**What is being asked**
Return the listing below in full, exactly.

Start of Block

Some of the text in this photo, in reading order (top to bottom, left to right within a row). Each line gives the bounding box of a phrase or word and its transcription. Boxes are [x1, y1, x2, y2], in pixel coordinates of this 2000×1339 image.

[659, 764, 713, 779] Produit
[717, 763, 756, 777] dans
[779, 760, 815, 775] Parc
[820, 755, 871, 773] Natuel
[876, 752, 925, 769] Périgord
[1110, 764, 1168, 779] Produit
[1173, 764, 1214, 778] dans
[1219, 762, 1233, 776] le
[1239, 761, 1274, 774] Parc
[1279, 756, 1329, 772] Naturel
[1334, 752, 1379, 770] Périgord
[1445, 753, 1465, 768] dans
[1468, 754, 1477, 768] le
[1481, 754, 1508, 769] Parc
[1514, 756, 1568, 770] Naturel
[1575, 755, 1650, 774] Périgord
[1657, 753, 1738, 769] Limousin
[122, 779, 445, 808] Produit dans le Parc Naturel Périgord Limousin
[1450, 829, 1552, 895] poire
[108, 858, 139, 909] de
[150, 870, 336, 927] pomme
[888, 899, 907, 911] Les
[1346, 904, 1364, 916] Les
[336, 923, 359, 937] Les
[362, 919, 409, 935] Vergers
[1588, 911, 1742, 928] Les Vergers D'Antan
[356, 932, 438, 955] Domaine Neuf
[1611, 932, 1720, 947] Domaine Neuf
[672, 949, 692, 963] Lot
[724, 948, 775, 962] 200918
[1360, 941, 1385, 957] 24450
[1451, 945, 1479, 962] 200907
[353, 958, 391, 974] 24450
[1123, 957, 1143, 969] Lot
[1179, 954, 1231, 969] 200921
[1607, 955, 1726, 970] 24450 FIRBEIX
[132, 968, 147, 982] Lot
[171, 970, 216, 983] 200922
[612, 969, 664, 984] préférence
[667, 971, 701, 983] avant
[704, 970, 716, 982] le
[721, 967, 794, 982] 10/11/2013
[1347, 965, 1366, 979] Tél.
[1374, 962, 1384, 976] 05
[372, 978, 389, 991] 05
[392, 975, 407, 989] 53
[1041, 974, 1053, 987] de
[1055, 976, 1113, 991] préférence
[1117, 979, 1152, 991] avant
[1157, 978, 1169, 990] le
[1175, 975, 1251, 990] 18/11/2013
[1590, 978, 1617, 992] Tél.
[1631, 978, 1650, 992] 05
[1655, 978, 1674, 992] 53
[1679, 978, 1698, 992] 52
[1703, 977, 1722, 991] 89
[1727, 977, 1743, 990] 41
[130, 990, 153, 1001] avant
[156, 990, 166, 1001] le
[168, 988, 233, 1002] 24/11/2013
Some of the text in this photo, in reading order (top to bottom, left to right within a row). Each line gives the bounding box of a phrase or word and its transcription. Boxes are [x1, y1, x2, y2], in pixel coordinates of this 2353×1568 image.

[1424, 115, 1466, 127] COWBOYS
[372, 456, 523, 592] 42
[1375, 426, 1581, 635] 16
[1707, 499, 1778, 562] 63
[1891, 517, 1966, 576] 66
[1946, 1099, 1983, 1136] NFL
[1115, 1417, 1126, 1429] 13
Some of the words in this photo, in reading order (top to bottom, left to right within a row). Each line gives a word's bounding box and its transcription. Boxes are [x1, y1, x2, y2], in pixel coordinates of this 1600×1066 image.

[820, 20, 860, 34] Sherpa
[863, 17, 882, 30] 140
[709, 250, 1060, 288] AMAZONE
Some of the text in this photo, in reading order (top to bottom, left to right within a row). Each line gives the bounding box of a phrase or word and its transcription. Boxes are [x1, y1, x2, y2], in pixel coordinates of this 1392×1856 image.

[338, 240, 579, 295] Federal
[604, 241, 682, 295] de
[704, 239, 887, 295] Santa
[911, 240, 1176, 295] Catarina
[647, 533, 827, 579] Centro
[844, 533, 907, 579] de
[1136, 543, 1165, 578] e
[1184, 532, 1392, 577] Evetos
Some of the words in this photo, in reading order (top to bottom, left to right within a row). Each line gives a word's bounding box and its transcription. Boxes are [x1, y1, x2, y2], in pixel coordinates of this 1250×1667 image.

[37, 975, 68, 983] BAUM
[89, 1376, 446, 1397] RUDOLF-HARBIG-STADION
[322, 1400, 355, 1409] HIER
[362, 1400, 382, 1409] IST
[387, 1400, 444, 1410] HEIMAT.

End of Block

**Answer box**
Some of the text in this photo, in reading order (top to bottom, left to right within a row). Each line gives the bounding box of a phrase or word and its transcription. Boxes are [x1, y1, x2, y2], in pixel coordinates of this 2000×1339 image.

[659, 764, 713, 779] Produit
[717, 763, 756, 777] dans
[779, 760, 815, 775] Parc
[820, 755, 871, 773] Natuel
[876, 752, 925, 769] Périgord
[1110, 764, 1168, 779] Produit
[1173, 764, 1214, 778] dans
[1219, 762, 1233, 776] le
[1239, 761, 1274, 774] Parc
[1279, 756, 1329, 772] Naturel
[1334, 752, 1379, 770] Périgord
[1445, 753, 1465, 768] dans
[1468, 754, 1477, 768] le
[1481, 754, 1508, 769] Parc
[1514, 756, 1568, 770] Naturel
[1575, 755, 1650, 774] Périgord
[1657, 753, 1738, 769] Limousin
[122, 779, 445, 808] Produit dans le Parc Naturel Périgord Limousin
[1450, 829, 1552, 895] poire
[108, 858, 139, 909] de
[150, 870, 336, 927] pomme
[888, 899, 907, 911] Les
[1346, 904, 1364, 916] Les
[336, 923, 359, 937] Les
[362, 919, 409, 935] Vergers
[1588, 911, 1742, 928] Les Vergers D'Antan
[356, 932, 438, 955] Domaine Neuf
[1611, 932, 1720, 947] Domaine Neuf
[672, 949, 692, 963] Lot
[724, 948, 775, 962] 200918
[1360, 941, 1385, 957] 24450
[1451, 945, 1479, 962] 200907
[353, 958, 391, 974] 24450
[1123, 957, 1143, 969] Lot
[1179, 954, 1231, 969] 200921
[1607, 955, 1726, 970] 24450 FIRBEIX
[132, 968, 147, 982] Lot
[171, 970, 216, 983] 200922
[612, 969, 664, 984] préférence
[667, 971, 701, 983] avant
[704, 970, 716, 982] le
[721, 967, 794, 982] 10/11/2013
[1347, 965, 1366, 979] Tél.
[1374, 962, 1384, 976] 05
[372, 978, 389, 991] 05
[392, 975, 407, 989] 53
[1041, 974, 1053, 987] de
[1055, 976, 1113, 991] préférence
[1117, 979, 1152, 991] avant
[1157, 978, 1169, 990] le
[1175, 975, 1251, 990] 18/11/2013
[1590, 978, 1617, 992] Tél.
[1631, 978, 1650, 992] 05
[1655, 978, 1674, 992] 53
[1679, 978, 1698, 992] 52
[1703, 977, 1722, 991] 89
[1727, 977, 1743, 990] 41
[130, 990, 153, 1001] avant
[156, 990, 166, 1001] le
[168, 988, 233, 1002] 24/11/2013
Some of the text in this photo, in reading order (top to bottom, left to right within a row). Each line gives the bounding box of a phrase or word and its transcription. Boxes are [x1, y1, x2, y2], in pixel coordinates of this 2353×1568 image.

[1424, 115, 1466, 127] COWBOYS
[372, 456, 523, 592] 42
[1375, 426, 1581, 635] 16
[1707, 499, 1778, 562] 63
[1891, 517, 1966, 576] 66
[1946, 1099, 1983, 1136] NFL
[1115, 1417, 1126, 1429] 13
Some of the words in this photo, in reading order (top to bottom, left to right within a row). Each line gives a word's bounding box and its transcription. Boxes are [x1, y1, x2, y2], in pixel coordinates of this 1600×1066 image.

[820, 20, 860, 34] Sherpa
[863, 17, 882, 30] 140
[709, 250, 1060, 288] AMAZONE
Some of the text in this photo, in reading order (top to bottom, left to right within a row). Each line gives the bounding box of a phrase or word and its transcription. Boxes are [x1, y1, x2, y2], in pixel coordinates of this 1392×1856 image.

[338, 240, 579, 295] Federal
[604, 241, 682, 295] de
[704, 239, 887, 295] Santa
[911, 240, 1176, 295] Catarina
[647, 533, 827, 579] Centro
[844, 533, 907, 579] de
[1136, 543, 1165, 578] e
[1184, 532, 1392, 577] Evetos
Some of the words in this photo, in reading order (top to bottom, left to right within a row). Each line gives a word's bounding box and its transcription. Boxes are [x1, y1, x2, y2], in pixel coordinates of this 1250×1667 image.

[37, 975, 68, 983] BAUM
[89, 1376, 446, 1397] RUDOLF-HARBIG-STADION
[322, 1400, 355, 1409] HIER
[362, 1400, 382, 1409] IST
[387, 1400, 444, 1410] HEIMAT.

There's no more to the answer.